Так она мыслит, так ее научили в юности, и переубедить ее невозможно. Но эта неожиданная, слишком эмоциональная реакция говорит ее собеседнице о другом – «слизь» это или не «слизь», однако эта тема до сих пор не изжита, до сих пор волнует Галину. Долгий прочный брак, успешность в работе, уверенность в своих биологических познаниях – все это не заглушило неясной тревоги. Кроме того, почему у нее такие сложные взаимоотношения с детьми? Ведь она уже два года не разговаривает с дочерью…
Во все времена были женщины, которые, узнав о беременности, делали все возможное, в том числе и с риском для своей жизни, чтобы избавиться от ребенка.
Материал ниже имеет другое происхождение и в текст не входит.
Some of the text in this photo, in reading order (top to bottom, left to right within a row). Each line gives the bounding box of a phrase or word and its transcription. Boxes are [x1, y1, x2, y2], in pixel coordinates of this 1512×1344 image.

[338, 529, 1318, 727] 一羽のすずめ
В Древнем мире, в Греции и Риме, законодательно было утверждено, что жизнь человеческого эмбриона не имеет ценности, и устранение беременности наказывалось, лишь если совершалось из корыстных и злодейских побуждений. Но уже ранние христиане объявили, что зародыш имеет самостоятельную ценность, а аборт стал отождествляться с преступлением перед Богом. В Средние века искусственное прерывание беременности приравнивалось к убийству, причем карали и врача, совершившего это деяние, и саму пациентку.
Интересовал христиан и вопрос о том, когда эмбрион обретает душу, а следовательно, и личность. Некоторые богословы и отцы Церкви считали, что душа человека не может существовать в несформировавшемся теле. Другие стояли на той точке зрения, что душа появляется вместе с его зарождением. Толкователи Писания блаженный Августин и блаженный Иероним полагали, что аборт не может считаться убийством до тех пор, пока плод не обретет человеческих очертаний. Что удивительным образом перекликается с современным законодательством об абортах в разных странах, по которому обычно допускается прерывание беременности в срок до двенадцати недель.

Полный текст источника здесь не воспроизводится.